Final 802.11ax release date now slated for late 2019
When it comes to the hotly anticipated new wireless standard, are we there yet? This 802.11ax timeline notes key milestones in the draft's development and explains what's next.
The Institute of Electrical and Electronics Engineers, or IEEE, expects to ratify the new 802.11ax wireless LAN standard -- or, as the Wi-Fi Alliance calls it, Wi-Fi 6 -- by the beginning of 2020. Originally due in the first quarter of 2019, .11ax has required extensive heavy lifting on the part of the IEEE committee charged with its development. According to an IHS Markit research report, the complex standard introduces roughly 75 new features -- around nine times more than the previous upgrade, 802.11ac.
The committee rejected the first two drafts of the new high-efficiency wireless standard in 2016 and 2017, delaying the projected 802.11ax release date by nearly a year. Finally, in July 2018, 87% of the members voted to pass Draft 3.0.
The IEEE committee will continue to refine the approved draft -- reconciling more than 2,000 technical comments that members submitted with their recent votes -- before submitting it to the standards board for final ratification in December 2019.
Analysts agreed the group is unlikely to make significant changes ahead of the 802.11ax release date. Many experts have now turned their attention to the Wi-Fi Alliance (WFA), which expects to launch its Wi-Fi 6 certification program sometime in 2019, and to wireless chipset manufacturers.
"Basically, the standard is done. There's broad consensus on what it is going to be," said Craig Mathias, an IEEE member and principal at Farpoint Group in Ashland, Mass.

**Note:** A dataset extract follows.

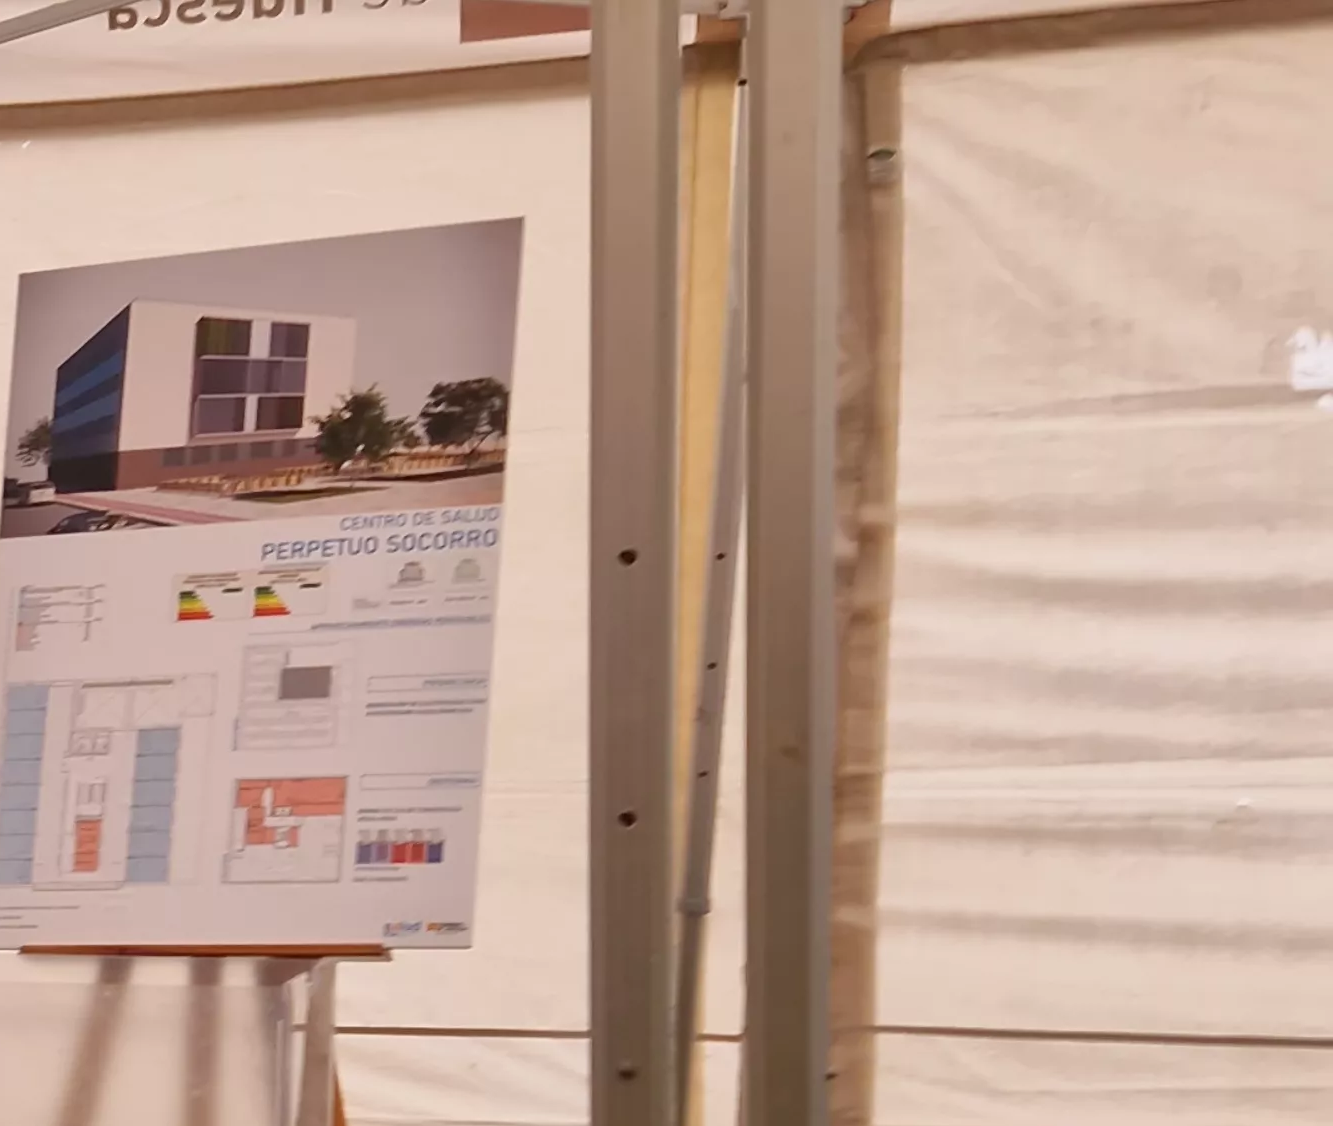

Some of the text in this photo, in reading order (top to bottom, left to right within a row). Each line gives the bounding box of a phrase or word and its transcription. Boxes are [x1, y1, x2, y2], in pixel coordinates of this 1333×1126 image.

[339, 506, 501, 531] CENTRO DE SALUD
[260, 528, 499, 562] PERPETUO SOCORRO
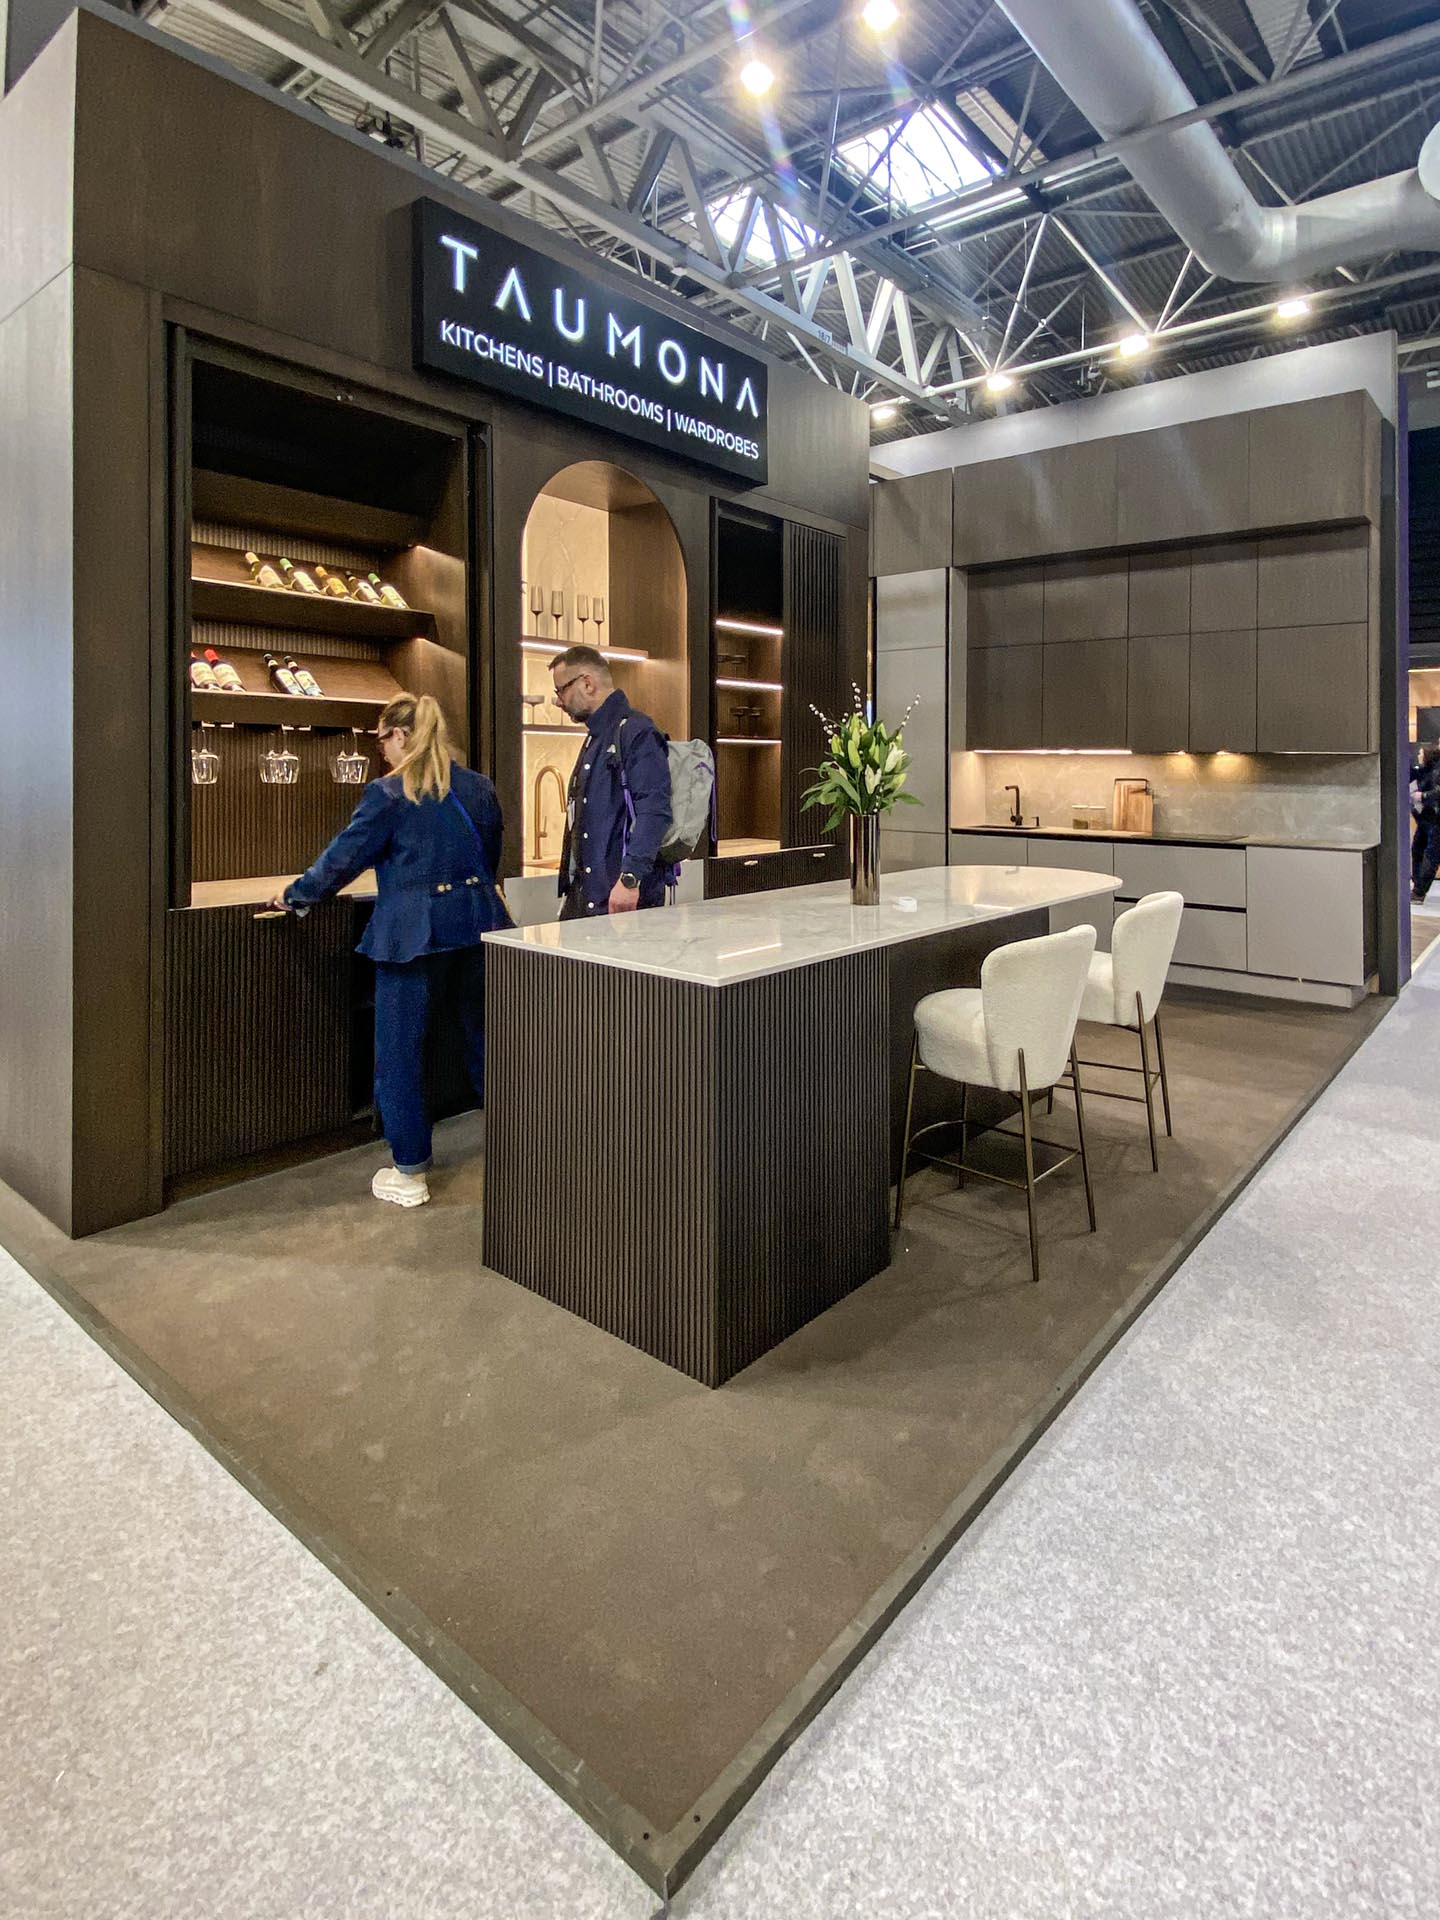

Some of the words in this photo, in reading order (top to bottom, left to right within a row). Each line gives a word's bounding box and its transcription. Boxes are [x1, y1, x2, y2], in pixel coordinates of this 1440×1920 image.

Craig MathiasFarpoint Group analyst
"Chipmakers will be the No. 1 determinant as far as what gets delivered and when, in Wave 1 versus Wave 2," he added.
Broadcom, Celeno, Intel, Marvell, Qualcomm and Quantenna have all released pre-standard .11ax silicon and will likely roll out updated versions based on the approved third draft. ABI Research forecasts a billion Wi-Fi 6 chipsets will ship annually by 2022.
Pre-standard access points (APs) have also already hit the market, with Aerohive Networks and Aruba Networks launching early offerings more than a year before the official 802.11ax release date.
Some analysts cautioned draft-based gear might not support all features of the final, ratified standard. Because 802.11ax doesn't formally exist yet, products technically can't -- or at least shouldn't -- claim full compliance.
"You should never say, 'This is an [.11ax] product,' if [.11ax] hasn't been completely ratified," Mathias said. But products based on the most recent, approved draft will almost certainly achieve Wi-Fi 6 certification with the help of firmware upgrades, he added. "We're not really worried that people will be buying products that will become obsolete."
Until a significant number of .11ax clients hit the WLAN, however, the new access points' biggest selling points -- such as orthogonal frequency division multiplexing -- will remain theoretical. Without next-generation clients, the APs revert to backward-compatible mode and behave like legacy 802.11ac or 802.11n devices.
IHS analysts Yogita Kanesin and Christian Kim recently predicted Wi-Fi 6 clients will start to appear in 2019, before the tentative 802.11ax release date at year's end. They said they anticipate shipments will then grow sharply in 2020, skyrocketing to 193 million units annually in 2021.
Until then, however, Kanesin and Kim cautioned that market adoption will "seem very slow" through 2019, as the IEEE continues to refine the standard and the WFA begins interoperability testing.
Delays notwithstanding, many wireless networking enthusiasts predicted the new standard will be well worth the wait.
"We expect it will have very broad uptake," Mathias said. "Let's face it: [.11ax] is going to dominate the marketplace within five to seven years."